We stopped along the trail many times to appreciate the extreme views.

Andrew and Sarah looking towards Cathedral Rocks in the distance.
Andrew and Sarah looking towards Cathedral Rocks in the distance.

A Yosemite Conservancy guide leading a family of four told us that we had stopped at Roosevelt Point which was recently named.  I’ll have to take his word for it since I couldn’t find it on a map or in the Yosemite Place Names book.

Andrew facing El Capitan, a giant granite monolith.
Andrew facing El Capitan, at Roosevelt Point.

I had hoped to overhear the guide as he told the family about the area, but didn’t want to eavesdrop; so I wandered away and watched Andrew and Sarah play on the rocks.

These two made me nervous since I could not see what was below them.
Surrounded by a sea of granite.

Besides the amazing views, we also caught a glimpse–too quick for my camera–of a western tanager with its orange head, yellow body and black wings.  We left Roosevelt Point and continued towards Taft Point.

On the Pohono Trail.
On the Pohono Trail.

Corn lilies were in bloom in a damp area near Sentinel Creek.  I haven’t seen a blooming plant in at least two years.  From what I’ve learned about them, conditions need to be just right before they’ll bloom.

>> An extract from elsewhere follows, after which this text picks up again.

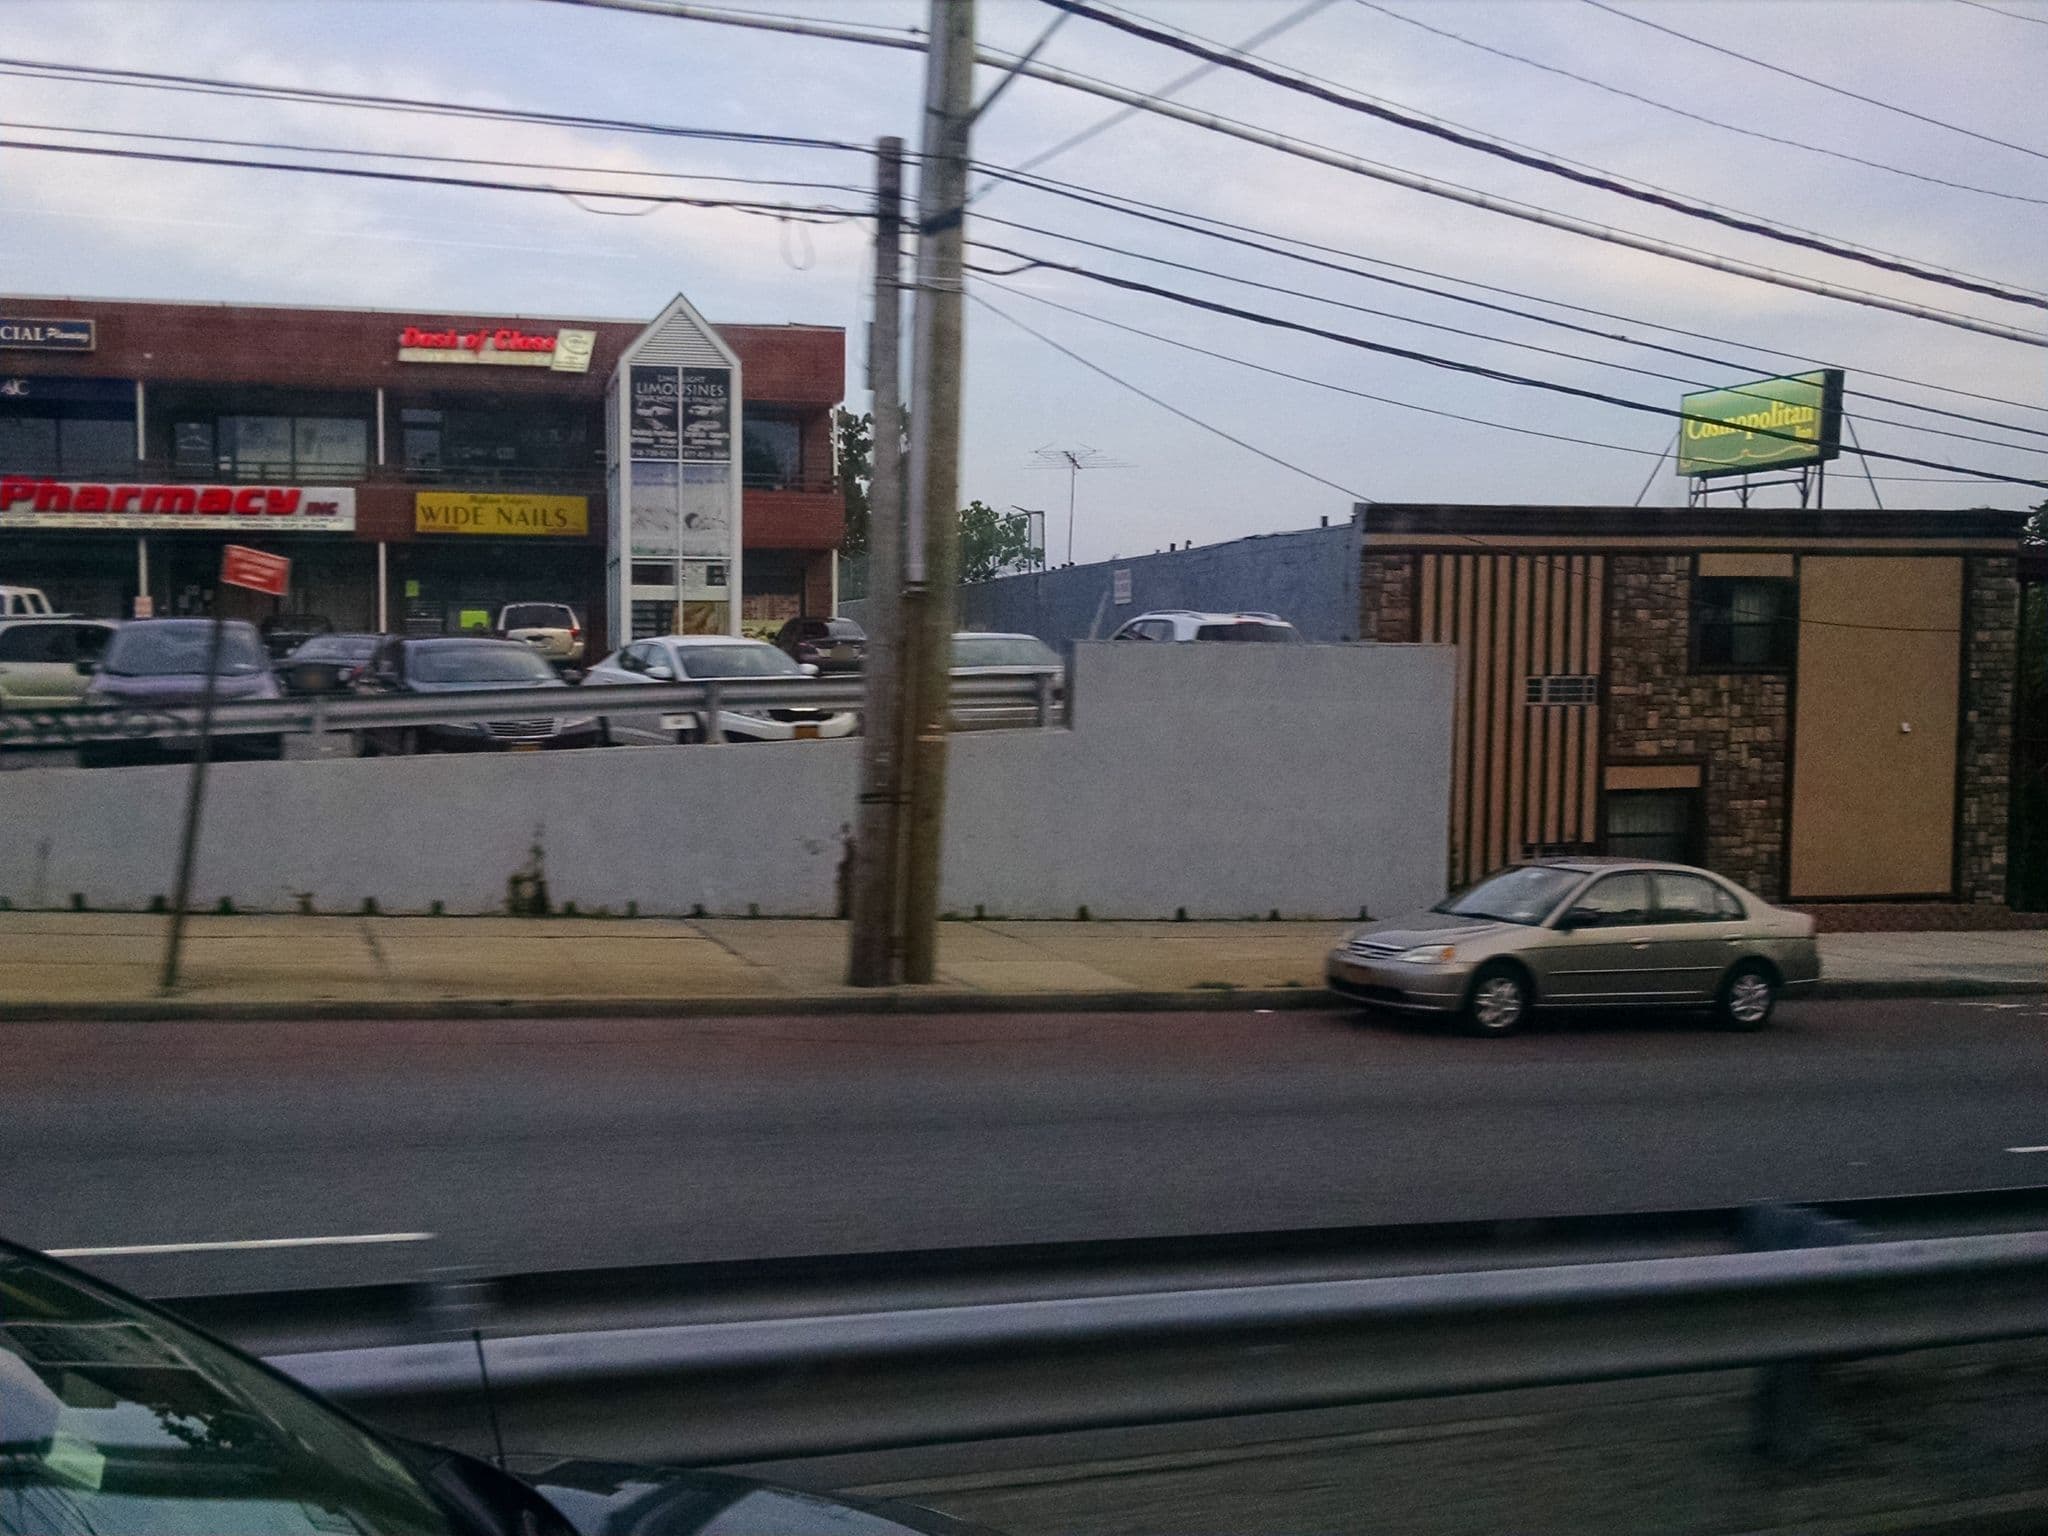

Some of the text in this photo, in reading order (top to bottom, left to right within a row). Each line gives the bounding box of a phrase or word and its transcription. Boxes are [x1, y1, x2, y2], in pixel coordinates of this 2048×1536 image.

[0, 326, 45, 341] CIAL
[1686, 400, 1814, 440] Cosmopolitan
[0, 474, 302, 516] Pharmacy
[420, 505, 568, 528] WIDE NAILS

A corn lily bloom in bloom.
A corn lily in bloom.

Then we came to, or almost stumbled into, a fissure–a deep crack in the granite.  There are five of them in the area that drop hundreds of feet or more.  Their edges are sandy and the openings are not easily seen from a distance.

A large boulder is stuck between the crack.
Andrew and Sarah (in the background) close to the fissure, where two large boulders are stuck between the crack.
Another fissure.
Another fissure.

We walked up to the railed lookout on a protruding rock then over to Taft Point proper viewing El Capitan, Three Brothers and much more.

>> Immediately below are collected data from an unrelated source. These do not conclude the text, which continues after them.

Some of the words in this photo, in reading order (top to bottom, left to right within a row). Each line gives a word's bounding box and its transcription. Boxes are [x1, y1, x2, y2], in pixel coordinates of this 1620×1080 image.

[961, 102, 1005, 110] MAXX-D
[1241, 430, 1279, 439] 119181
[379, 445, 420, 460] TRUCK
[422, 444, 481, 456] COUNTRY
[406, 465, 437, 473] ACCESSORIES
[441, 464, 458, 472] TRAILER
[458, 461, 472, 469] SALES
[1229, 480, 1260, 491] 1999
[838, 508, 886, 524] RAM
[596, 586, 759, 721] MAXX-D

Happy to have been invited on the hike with Andrew and Sarah.
Happy to have been invited on the hike with Andrew and Sarah. El Capitan on the right.

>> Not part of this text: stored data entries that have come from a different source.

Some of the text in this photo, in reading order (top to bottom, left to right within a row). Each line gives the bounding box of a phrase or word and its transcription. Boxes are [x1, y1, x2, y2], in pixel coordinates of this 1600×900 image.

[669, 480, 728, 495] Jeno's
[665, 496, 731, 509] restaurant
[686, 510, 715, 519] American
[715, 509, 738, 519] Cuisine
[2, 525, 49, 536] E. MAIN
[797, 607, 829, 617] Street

Andrew and Sarah perched precariously close to the edge, or so it seemed.  Too nervous to watch, I found a safe spot and ate lunch.

My view during lunch.  You can't see Sarah who sat below Andrew on the edge.
My view during lunch. You can’t see Sarah who sat below Andrew on the edge.

When it was time to leave, they scrambled up from the ledge and sat on sound boulders while my heart calmed down.

Large rocks at Taft Point.
Large rocks at Taft Point.

Our plan was to go from Taft Point up to Sentinel Dome then back to Glacier Point making a loop hike, but Andrew ran out of water.  I didn’t bring the Steripen to purify water, but Sentinel Creek was just a mud puddle anyway even though the area seemed lush.  A trampled path through the ferns led to a giant mushroom.

“All mushrooms are edible, but some only once in a lifetime.” –statusmind.com

We walked the last mile to the Sentinel Dome trailhead where we caught the shuttle back to Glacier Point, something new that the park has been doing since closing Mariposa Grove for renovations.

I was pleased as punch to have been invited on this hike with Andrew and Sarah.  I enjoyed watching them interact, talking with Sarah and getting to know her a little better, and showing her the Yosemite that Andrew and I love.

17 thoughts on “A Day of Views

  1. Great pictures and narrative. I got butterflies in my stomach seeing Andrew sitting so close to the edge. How nice that he and Sarah invited to to join them.


  2. Wonderful! What a great hike. I have seen Glacier Point in the past and loved it, but not in some time. The fissures were new to me–I had not even heard of them. And how special for you to be invited along. Serenditious adventures are always the best! Thanks for letting me tag along. I may drive out to Glacier Point sometime early in the fall.


  3. I remember going to these places with you. It took my breath away and made me cry when I saw the view for the first time. I loved being able to join the hike thru your blog! Great pics too.


    1. Thank you. That was a fun day when you came with me. I tried to find that comfortable rock where we sat for lunch, but didn’t know exactly where it was.


  4. What an awesome day for you three in the vastness of God’s landscape! Thank you for sharing with us, as your descriptions make us feel as though we were with you!